> _ABOUT THIS TASK_
Restate word for word every entry that appears below, skipping its pictures.

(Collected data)

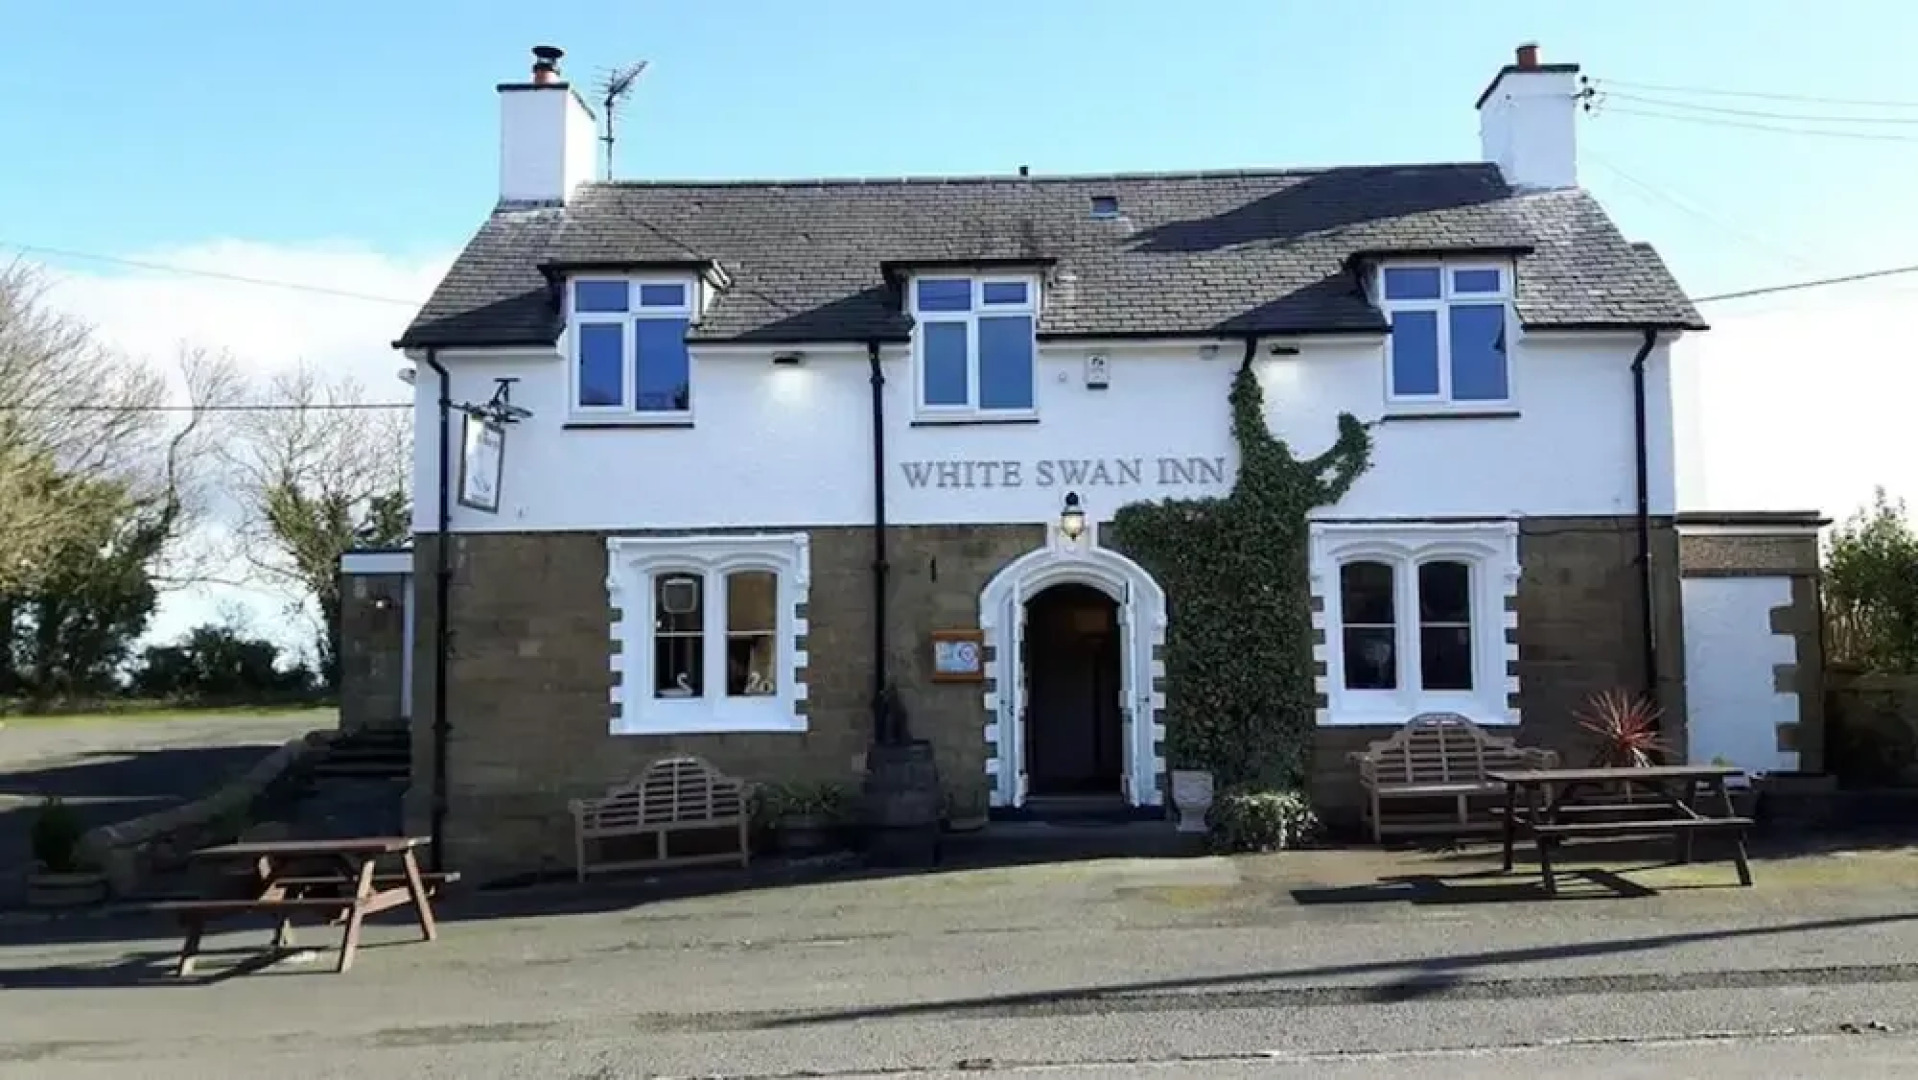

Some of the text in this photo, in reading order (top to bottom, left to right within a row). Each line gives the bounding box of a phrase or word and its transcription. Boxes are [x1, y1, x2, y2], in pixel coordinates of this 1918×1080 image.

[901, 457, 1224, 488] WHITE SWAN INN
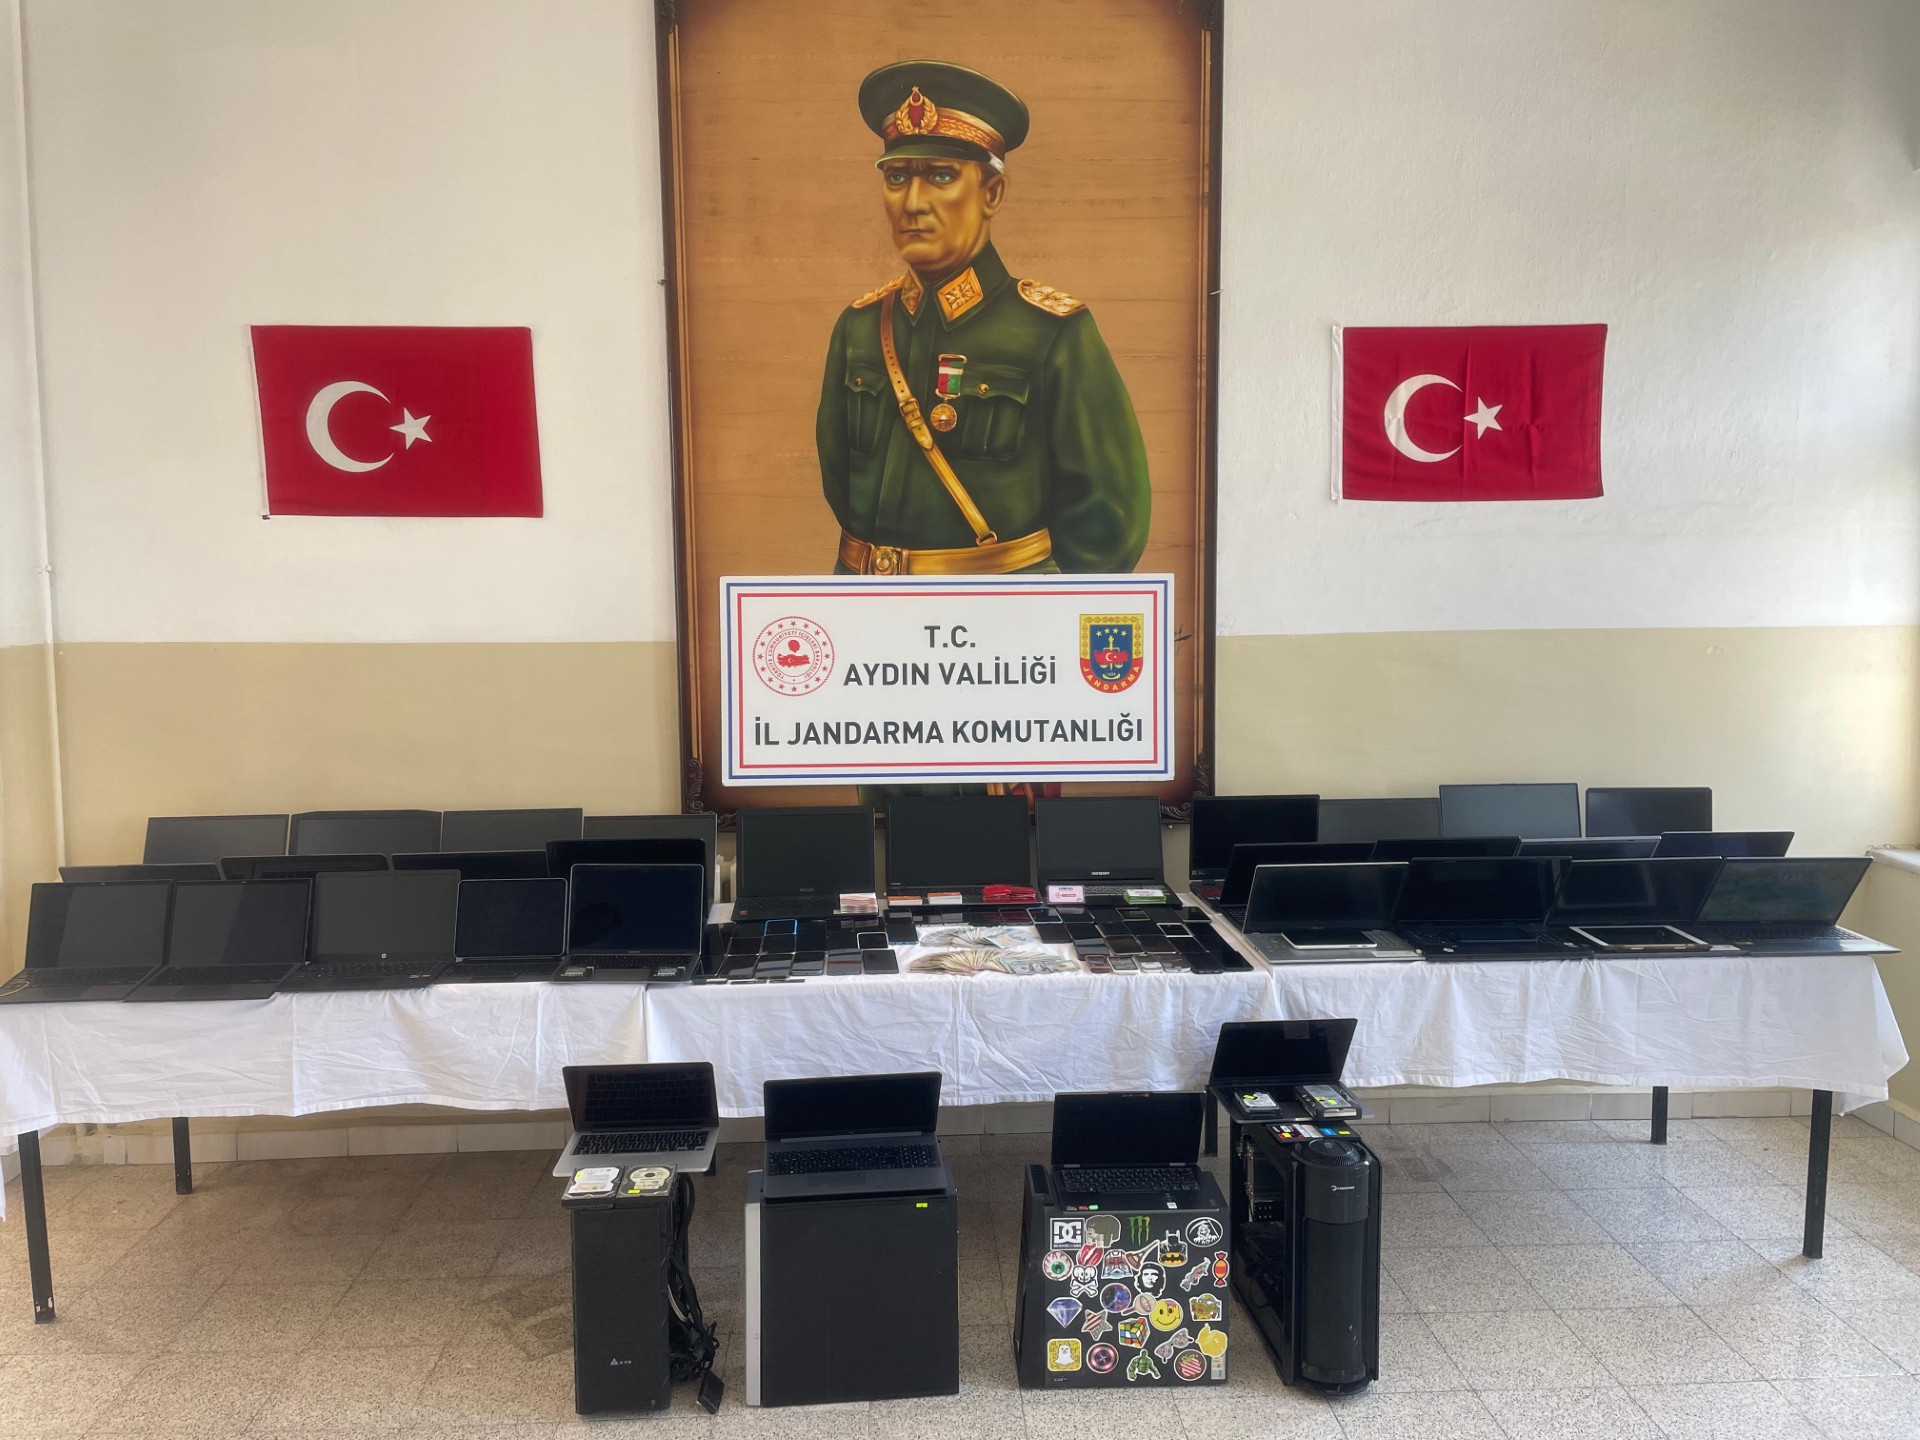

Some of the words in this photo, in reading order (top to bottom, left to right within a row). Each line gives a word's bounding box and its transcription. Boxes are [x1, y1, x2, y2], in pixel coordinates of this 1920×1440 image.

[924, 625, 976, 648] T.C.
[843, 662, 929, 686] AYDIN
[938, 655, 1056, 685] VALİLİĞİ
[1083, 666, 1140, 691] JANDARMA
[755, 716, 780, 746] İL
[787, 720, 944, 746] JANDARMA
[952, 712, 1142, 744] KOMUTANLIĞI

> _EXPECTED ANSWER_
Some of the text in this photo, in reading order (top to bottom, left to right within a row). Each line gives the bounding box of a phrase or word and its transcription. Boxes are [x1, y1, x2, y2], in pixel coordinates of this 1918×1080 image.

[901, 457, 1224, 488] WHITE SWAN INN

Some of the words in this photo, in reading order (top to bottom, left to right within a row). Each line gives a word's bounding box and its transcription. Boxes are [x1, y1, x2, y2], in pixel coordinates of this 1920×1440 image.

[924, 625, 976, 648] T.C.
[843, 662, 929, 686] AYDIN
[938, 655, 1056, 685] VALİLİĞİ
[1083, 666, 1140, 691] JANDARMA
[755, 716, 780, 746] İL
[787, 720, 944, 746] JANDARMA
[952, 712, 1142, 744] KOMUTANLIĞI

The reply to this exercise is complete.